Task objective
Your output should repeat the entries below exactly. It should contain no images.

[Excerpts from a dataset]
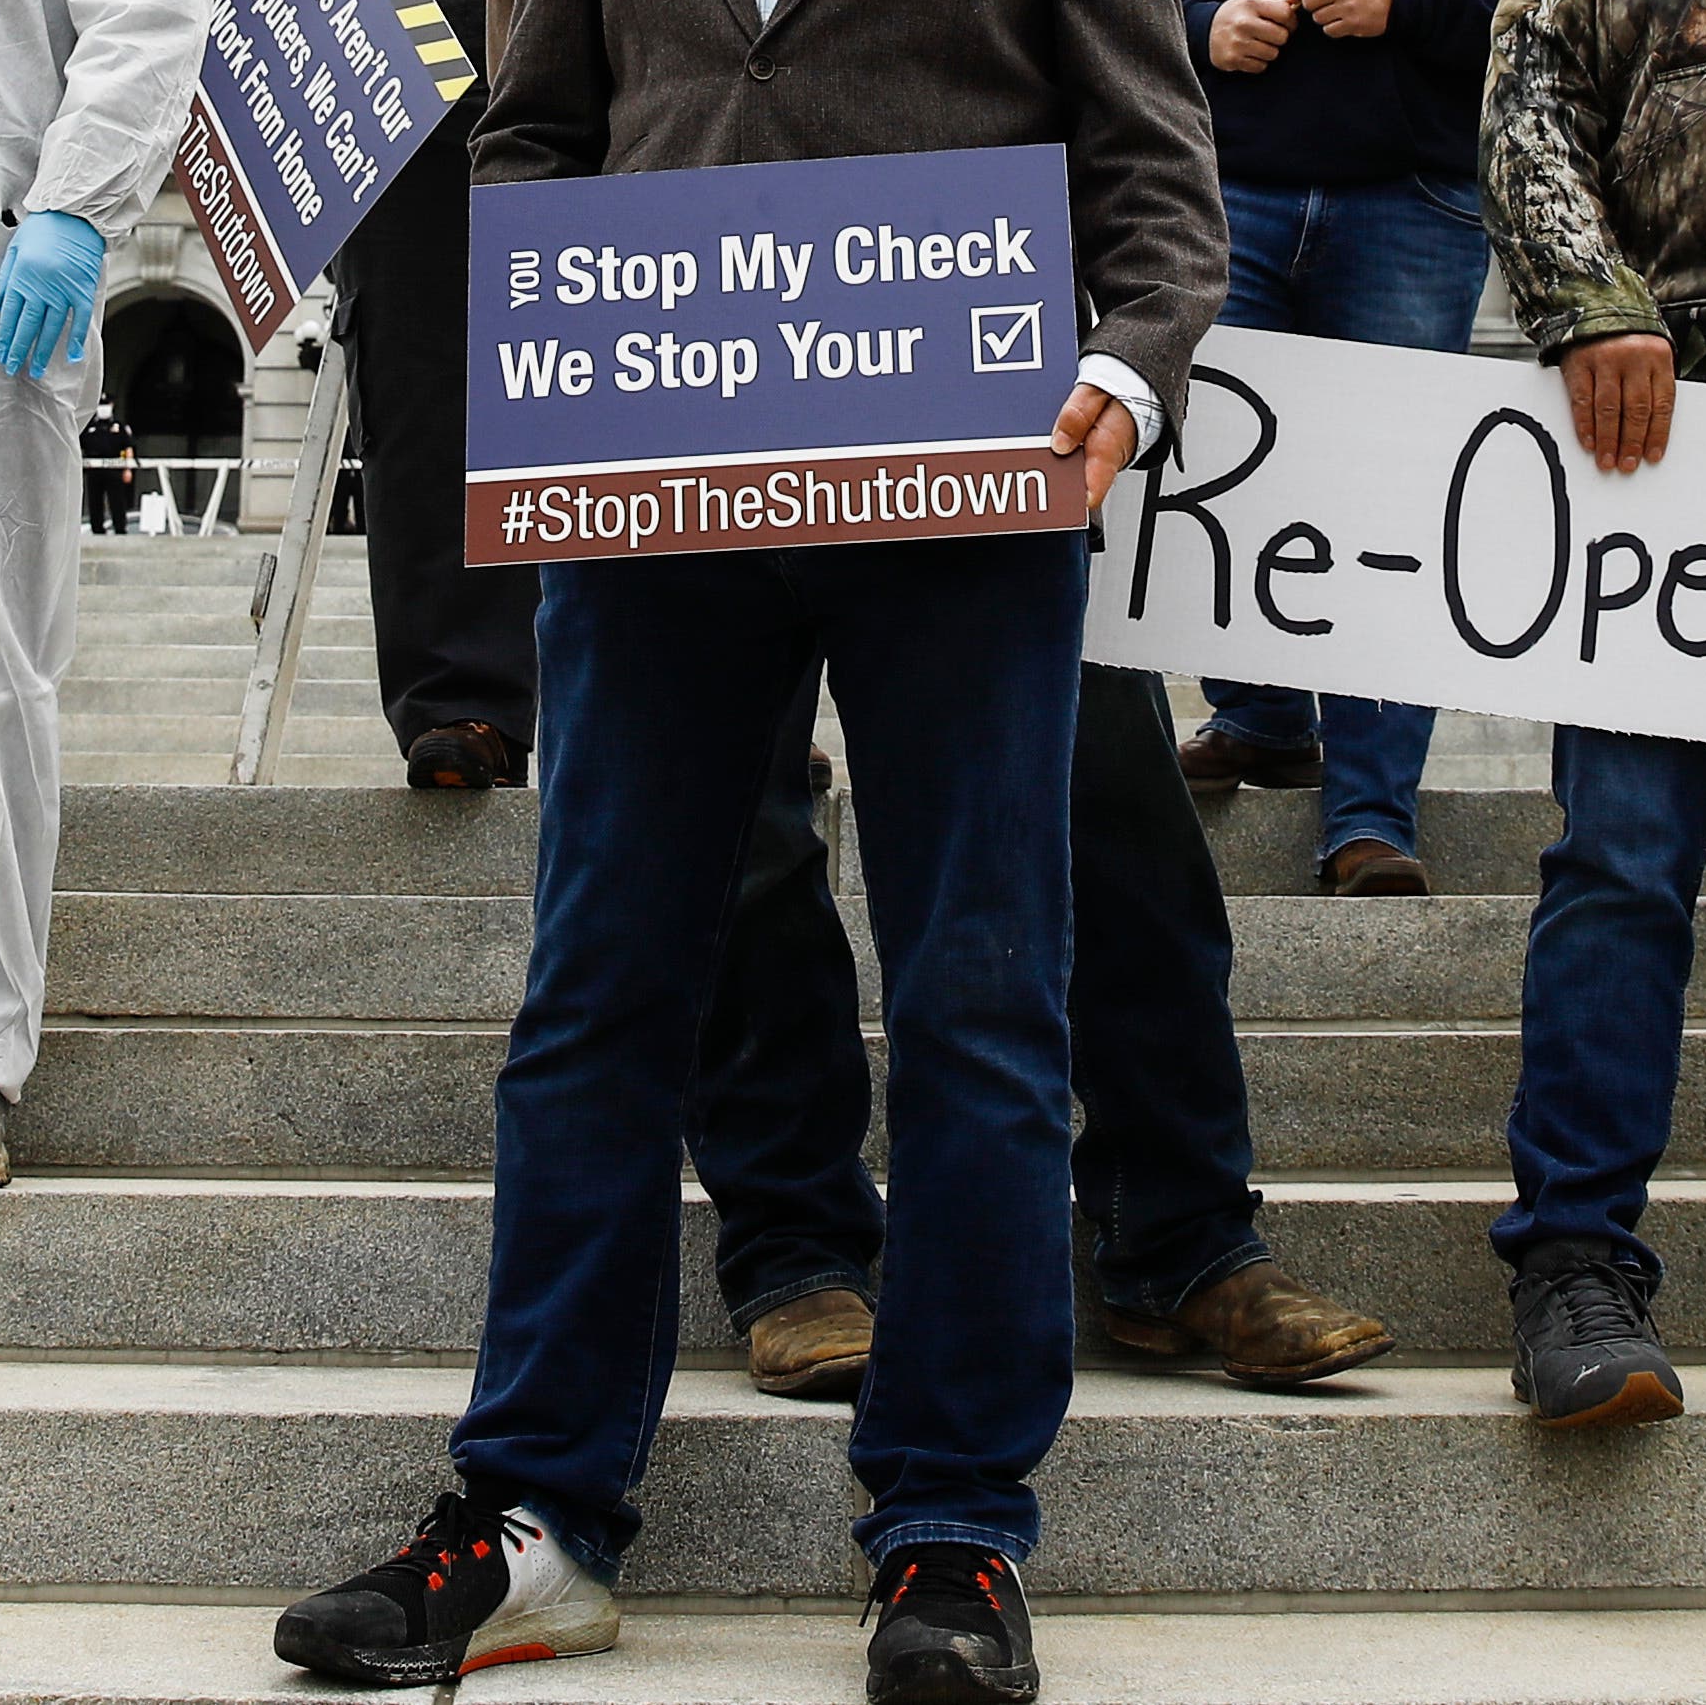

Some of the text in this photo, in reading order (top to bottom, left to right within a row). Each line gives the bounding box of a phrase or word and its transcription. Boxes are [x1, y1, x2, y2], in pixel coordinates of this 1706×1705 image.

[240, 59, 286, 148] From
[273, 128, 324, 226] Home
[303, 61, 337, 126] We
[325, 110, 380, 203] Can't
[372, 77, 413, 143] Our
[508, 217, 1037, 311] YOU Stop My Check
[497, 319, 924, 401] We Stop Your
[500, 463, 1048, 550] #StopTheShutdown
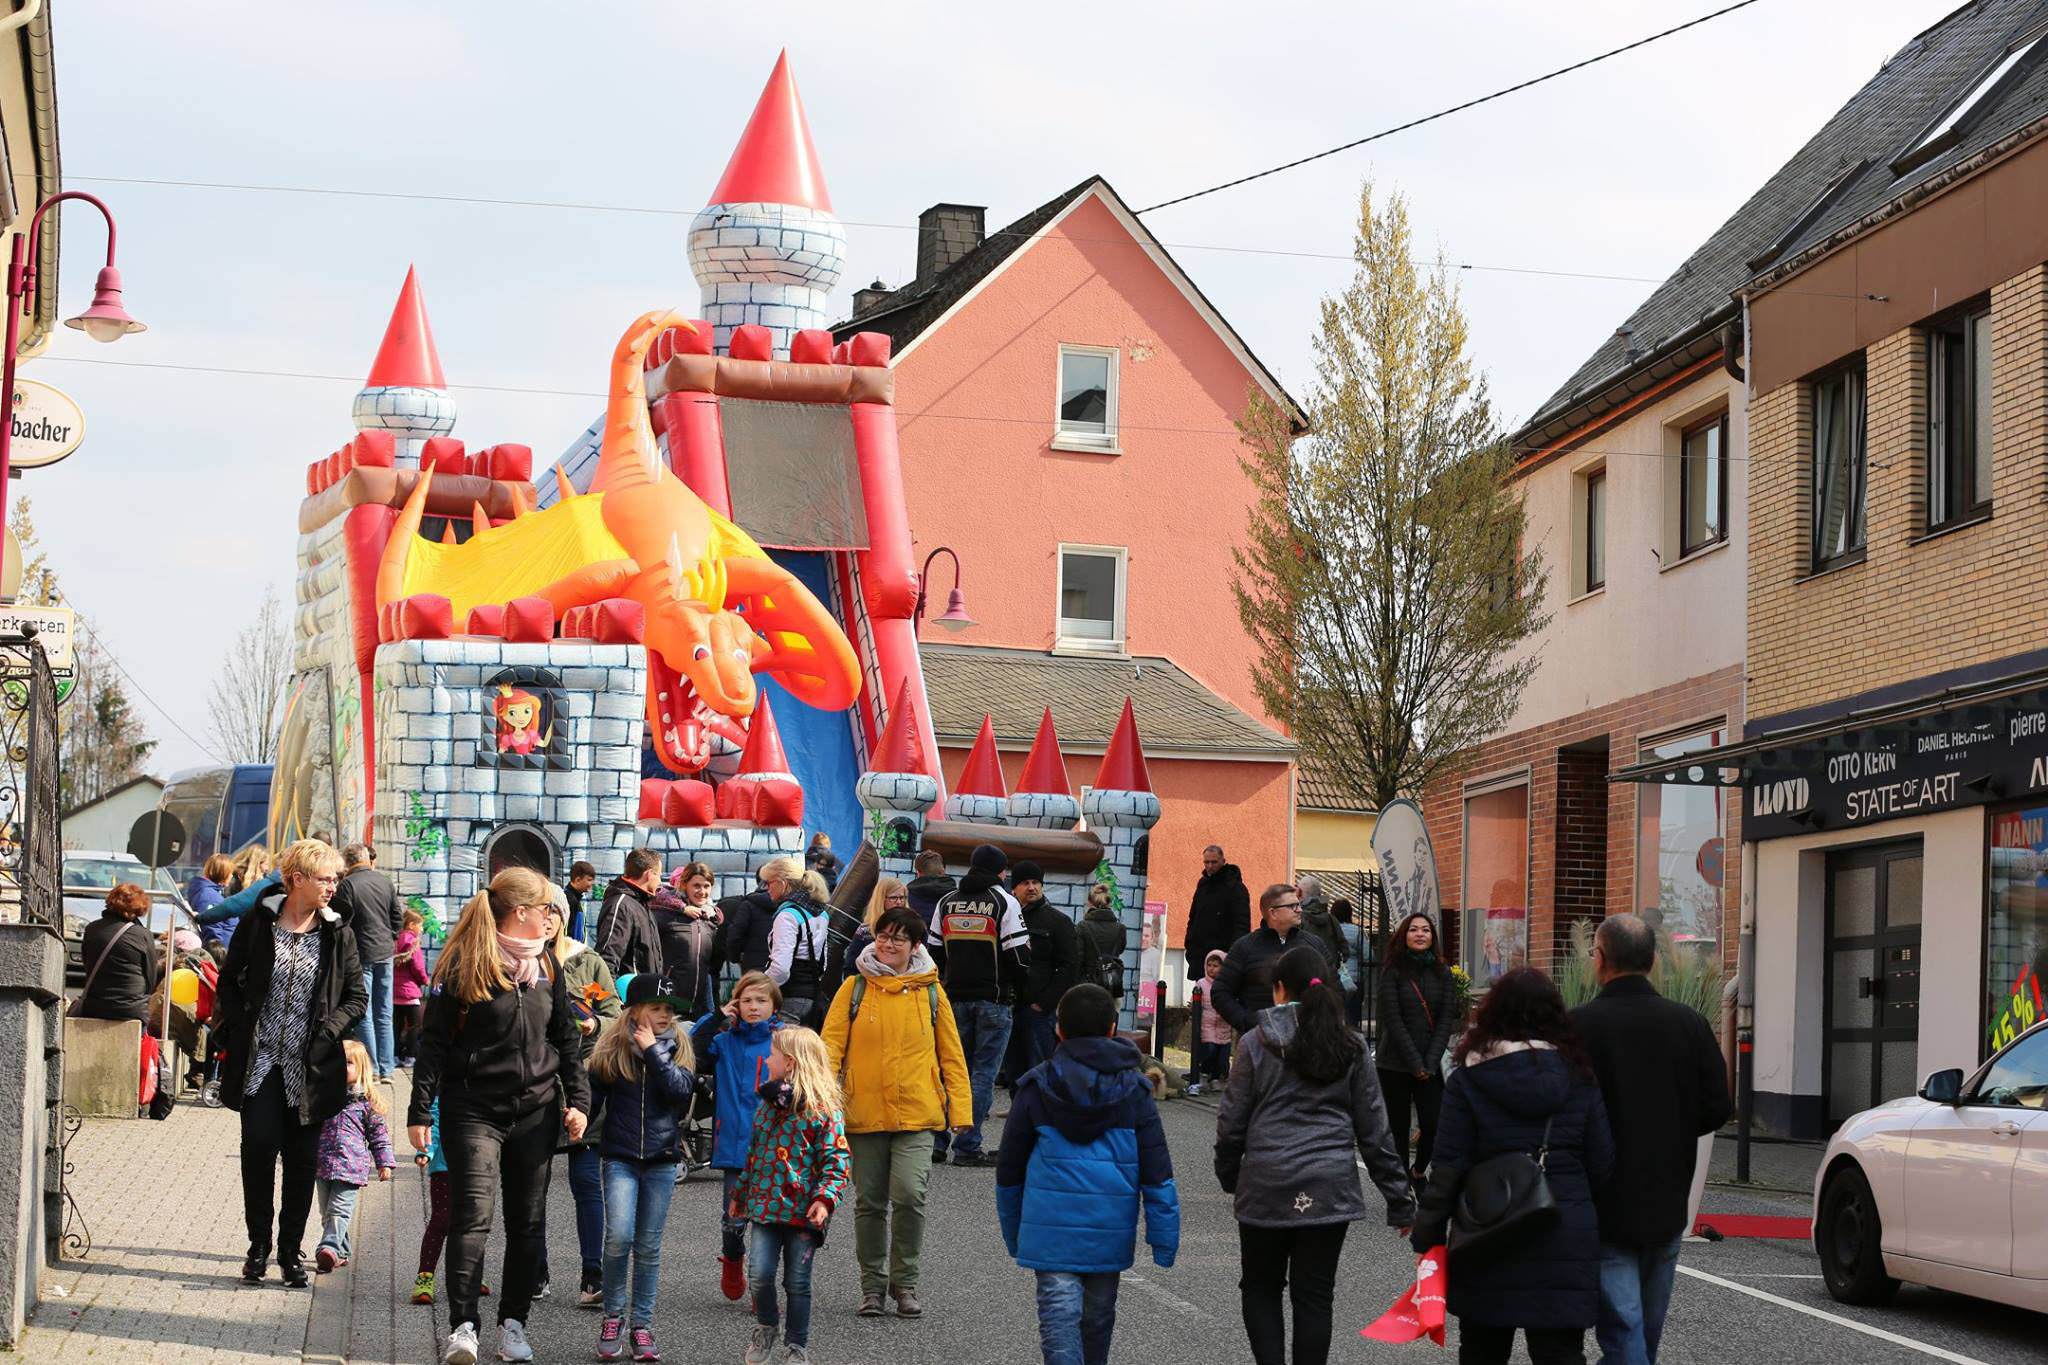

Final answer
Some of the text in this photo, in reading order (top to bottom, left to right within a row). Each line gives the bounding box of a phrase or word and its transcription. Boxes are [x1, y1, x2, y2], in pixel coordinates of this 1706×1705 image.

[240, 59, 286, 148] From
[273, 128, 324, 226] Home
[303, 61, 337, 126] We
[325, 110, 380, 203] Can't
[372, 77, 413, 143] Our
[508, 217, 1037, 311] YOU Stop My Check
[497, 319, 924, 401] We Stop Your
[500, 463, 1048, 550] #StopTheShutdown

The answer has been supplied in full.